Минуты складывались в часы, часы перетекали в сутки, сутки в недели, а недели пролетали одна за другой, вереницей выстраиваясь в месяцы, и этих месяцев прошло уже три с того момента, как Фауст первый и последний раз повстречал Какаши, так плотно и основательно запавшего ему в душу. В Токио вовсю царствовал сентябрь. Погода стояла довольно теплая и на удивление сухая, что позволяло художнику приходить на берег океана и рисовать закат. После того, как блондин узнал, кто такой Какаши, он решил во что бы то ни стало нарисовать такую картину, которая понравилась бы писателю. Рисуя для него каждый вечер в течение последнего месяца, Фауст постоянно думал о своем новом знакомом. Ему давно была прощена его грубая критика, и художник желал показать писателю картину, нарисованную специально для него. Он хотел еще хотя бы раз увидеться с Какаши и заглянуть в его глаза.
Изо дня в день один холст сменялся другим под недовольное ворчание художника «Это все не то!», после чего на очередном полотне возникали новые мазки краски. А в моменты, когда Фауст осматривал пейзаж, очередной холст улетал в песок…
Вот уже полчаса художник безмолвно смотрел на полотно, переминаясь с ноги на ногу и критично разглядывая картину.

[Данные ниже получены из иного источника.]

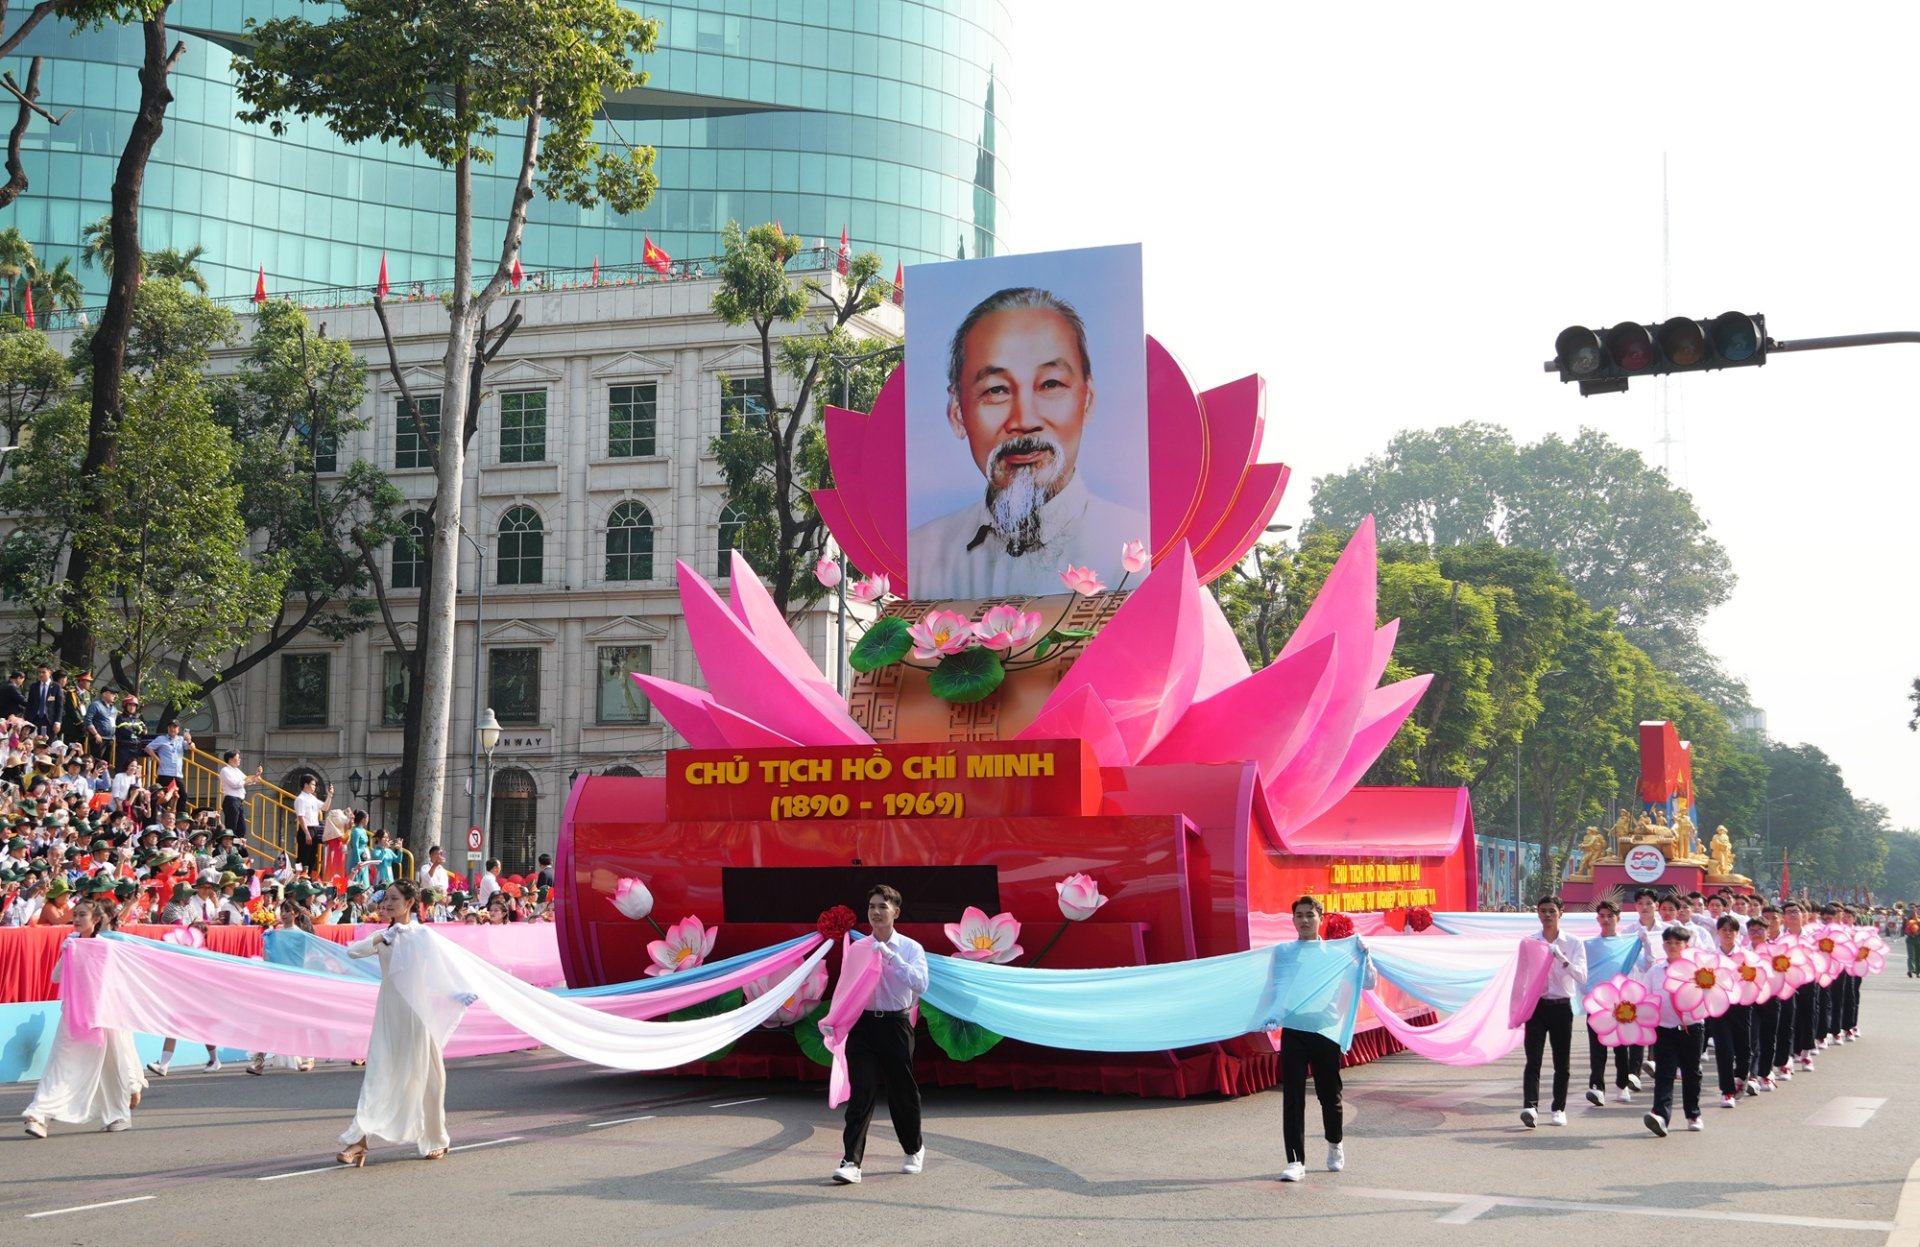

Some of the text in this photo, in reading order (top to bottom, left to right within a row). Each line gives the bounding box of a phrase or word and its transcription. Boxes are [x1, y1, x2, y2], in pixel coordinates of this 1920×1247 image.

Шум прибоя, гармонично переплетаясь с криком чаек, парящих под редкими облаками, успокаивал. Свежий запах морской воды приятно щекотал ноздри, а легкий ветер слегка развевал волосы блондина. Перед ним на мольберте стояла законченная картина, которая, как казалось Фаусту, полностью соответствовала критике писателя. Насыщенных лазурных вод океана слегка касалась легкая рябь, по которой золотистой дорожкой расстилался свет заходящего солнца, что было уже наполовину погружено в океан. Небо вокруг дневного светила окрасилось самыми немыслимыми оттенками теплых тонов: от лимонно-желтых до багряно-красных. Кое-где над океаном парили чайки. Критично разглядывая картину еще минут двадцать, Фауст, наконец, удовлетворенно выдохнул:
– Она закончена!
Художник был горд собой, ведь он считал, что ему действительно удалось создать шедевр, который непременно бы понравится писателю.
– Что ж, теперь осталось лишь разыскать Какаши-сана.
Фауст убрал картину в чехол и, собрав все художественные принадлежности, направился к своему другу Рику. Он на тот момент находился дома и пытался написать музыку для своего нового текста. Парень был рад, когда, услышав стук в дверь, открыл ее и увидел на пороге Фауста. Но, заметив его пространный и мечтательный взгляд, тут же сказал:
– Выкладывай, в чем дело?
Художник с улыбкой посмотрел на друга и прошел в центр комнаты, поставив мольберт лицом к окну и водрузив на него картину.
– Рику-сан, я хочу знать твое мнение.
Парень минут пять молча смотрел на полотно, переминаясь с ноги на ногу и держа руки в карманах. Фауст терпеливо ждал, что же скажет друг, стоя рядом с ним. Наконец, брюнет заговорил.
– Фуу-тян, я всегда считал, что ты гениальный художник, но что бы настолько… – Он сделал небольшую паузу, глянув на все еще улыбающегося друга, после чего перевел взгляд на картину. – Знаешь, она идеальна! Сочетание цветов просто поражает, завораживает их глубина, и, не смотря на то, что краски настолько яркие, картина получилась весьма спокойной и умиротворенной. Фантастика. Я в восторге, Фуу-тян. – Рику похлопал друга по плечу, продолжая восхищенно разглядывать полотно. Но тут по нему словно пробежал электрический разряд, и парень метнулся к подиуму, включив диктофон. Брюнет взял в руки гитару и начал играть. Музыка звучала настолько уверенно, спокойно и отточено, что казалось, словно Рику играет эту мелодию далеко не первый раз. Фауст слушал своего друга с таким же восхищением, с каким тот смотрел на картину.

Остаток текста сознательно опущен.